Repeat, exactly as written, the line containing "this 1659×2212 image." and each line after it through the end of the data.

Stored dataset items:
= = = = =

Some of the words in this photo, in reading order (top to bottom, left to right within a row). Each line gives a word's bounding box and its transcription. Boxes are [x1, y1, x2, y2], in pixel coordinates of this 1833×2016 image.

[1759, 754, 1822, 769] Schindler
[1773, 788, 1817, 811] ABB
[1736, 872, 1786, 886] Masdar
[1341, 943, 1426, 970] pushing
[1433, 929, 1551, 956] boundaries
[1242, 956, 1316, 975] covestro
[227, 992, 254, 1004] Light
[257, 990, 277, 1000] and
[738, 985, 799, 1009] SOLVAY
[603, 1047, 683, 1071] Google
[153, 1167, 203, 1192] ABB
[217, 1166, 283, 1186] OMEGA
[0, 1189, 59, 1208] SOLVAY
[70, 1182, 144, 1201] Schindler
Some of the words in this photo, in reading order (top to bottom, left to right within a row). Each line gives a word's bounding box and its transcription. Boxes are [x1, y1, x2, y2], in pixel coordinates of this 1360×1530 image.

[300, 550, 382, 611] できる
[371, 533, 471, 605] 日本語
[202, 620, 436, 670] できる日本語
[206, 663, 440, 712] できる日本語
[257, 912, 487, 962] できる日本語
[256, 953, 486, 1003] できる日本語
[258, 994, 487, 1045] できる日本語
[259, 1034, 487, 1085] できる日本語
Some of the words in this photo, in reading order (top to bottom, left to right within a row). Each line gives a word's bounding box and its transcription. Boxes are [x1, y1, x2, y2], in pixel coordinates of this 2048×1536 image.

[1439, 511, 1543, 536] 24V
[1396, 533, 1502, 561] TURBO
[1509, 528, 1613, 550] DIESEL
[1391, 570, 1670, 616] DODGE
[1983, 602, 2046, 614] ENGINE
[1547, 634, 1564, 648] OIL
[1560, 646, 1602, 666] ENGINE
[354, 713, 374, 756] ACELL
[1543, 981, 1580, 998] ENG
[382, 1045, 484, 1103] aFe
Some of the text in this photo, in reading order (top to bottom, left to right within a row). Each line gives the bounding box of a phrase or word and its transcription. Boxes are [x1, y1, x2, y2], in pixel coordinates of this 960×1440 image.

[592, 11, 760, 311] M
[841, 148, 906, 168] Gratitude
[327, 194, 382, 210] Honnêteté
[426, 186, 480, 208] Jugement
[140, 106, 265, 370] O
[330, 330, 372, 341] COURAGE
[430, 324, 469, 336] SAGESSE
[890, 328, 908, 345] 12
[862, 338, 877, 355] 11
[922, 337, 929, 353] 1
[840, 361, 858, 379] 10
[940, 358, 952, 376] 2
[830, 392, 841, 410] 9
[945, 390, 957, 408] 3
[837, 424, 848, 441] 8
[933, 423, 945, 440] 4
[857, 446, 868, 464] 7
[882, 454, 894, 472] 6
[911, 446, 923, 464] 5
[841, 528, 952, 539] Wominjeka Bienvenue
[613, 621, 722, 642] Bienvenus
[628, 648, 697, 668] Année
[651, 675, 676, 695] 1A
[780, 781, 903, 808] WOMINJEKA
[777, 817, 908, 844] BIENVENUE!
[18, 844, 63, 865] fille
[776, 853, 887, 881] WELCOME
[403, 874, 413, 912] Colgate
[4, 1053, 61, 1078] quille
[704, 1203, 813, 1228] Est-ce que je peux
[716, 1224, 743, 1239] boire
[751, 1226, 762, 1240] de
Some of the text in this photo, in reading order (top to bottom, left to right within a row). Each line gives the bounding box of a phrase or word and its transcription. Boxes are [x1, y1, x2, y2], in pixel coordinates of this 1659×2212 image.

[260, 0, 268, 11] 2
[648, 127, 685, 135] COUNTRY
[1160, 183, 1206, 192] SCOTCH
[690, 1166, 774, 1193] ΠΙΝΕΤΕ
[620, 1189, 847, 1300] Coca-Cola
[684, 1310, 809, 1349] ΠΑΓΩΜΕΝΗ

= = = = =

Answer to this exercise
Some of the text in this photo, in reading order (top to bottom, left to right within a row). Each line gives the bounding box of a phrase or word and its transcription. Boxes are [x1, y1, x2, y2], in pixel coordinates of this 1659×2212 image.

[260, 0, 268, 11] 2
[648, 127, 685, 135] COUNTRY
[1160, 183, 1206, 192] SCOTCH
[690, 1166, 774, 1193] ΠΙΝΕΤΕ
[620, 1189, 847, 1300] Coca-Cola
[684, 1310, 809, 1349] ΠΑΓΩΜΕΝΗ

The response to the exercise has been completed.